Advances in Rapid Isolations of Protein Complexes:Revealing the Dynamic Viral-Host Interactome

Abstract

Isolation of protein complexes, if performed appropriately, can provide an invaluable shortcut to uncovering protein interactions and to gaining clues towards their biological functions. The literature is, justifiably so, replete with approaches designed for the study of protein interactions. Advances are, nevertheless, highly desirable. An ideal isolation would maintain the protein complex as close as possible to its original state in the cell. To date, achieving this ideal isolation remains a challenge. The identification of transient or weak interacting partners and the stoichiometry within a complex present difficulties. We have recently reported an approach for the rapid and efficient isolation of protein complexes. We demonstrated that a combination of cryogenic-based cell lysis and fast immunoaffinity purifications helps to maintain interactions, minimizing nonspecific associations and maximizing the recovery of transiently interacting partners. This presentation will underline some of the technical aspects that were found to be important in studying macromolecular assemblies.

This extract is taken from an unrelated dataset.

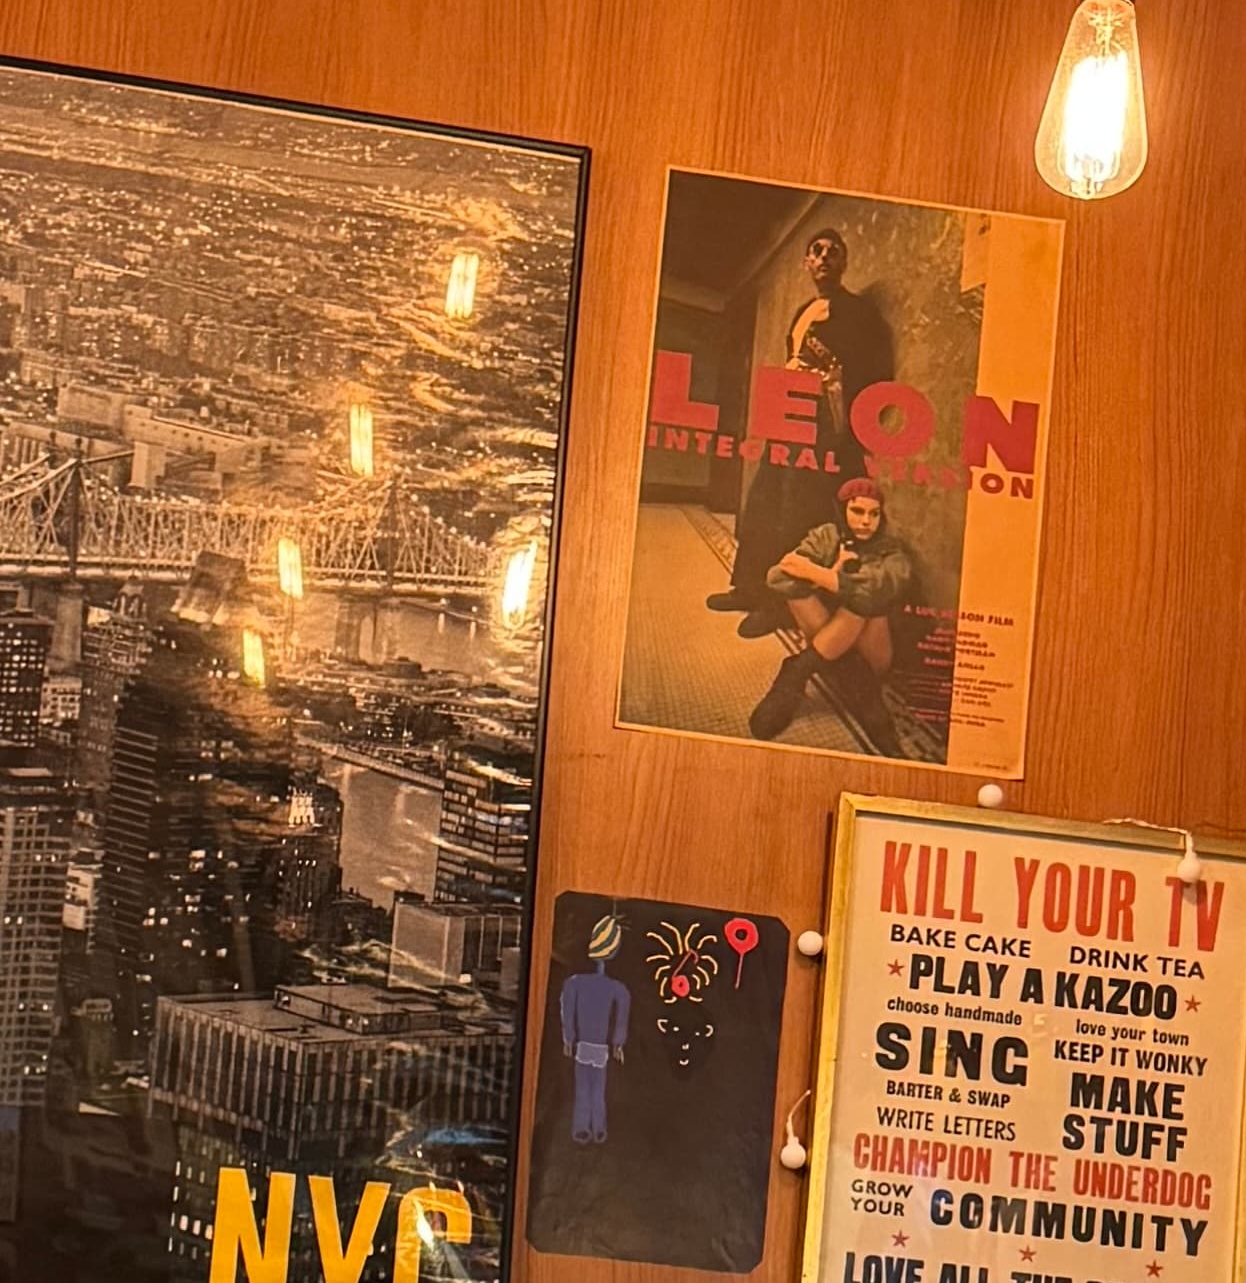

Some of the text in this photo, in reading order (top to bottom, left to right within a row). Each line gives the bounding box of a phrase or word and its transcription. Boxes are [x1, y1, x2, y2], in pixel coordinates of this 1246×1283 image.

Highlights will be shown from our studies of the dynamic viral-host protein interactions during the course of infections with Sindbis and human ytomegalovirus (CMV) Our results revealed cellular pathways utilized by these viruses to manipulate host systems. For example, our studies of the Sindbis virus, an Alphavirus genus member that in humans causes arthritis, indicated that Sindbis may utilize G3BP, at least in part, to interfere with the host cellular responses to stress. Most recently, we generated a library of 155 HCMV viruses, each containing a different C-terminal epitope tagged ORF, and initiated a comprehensive study of the HCMV interactions. One important finding from our interactome data was that the HCMV UL38 protein interacts with the tuberous sclerosis protein complex (SC1/2) to block its negative regulation of mTORC1, a growth regulatory pathway, and facilitate viral replication.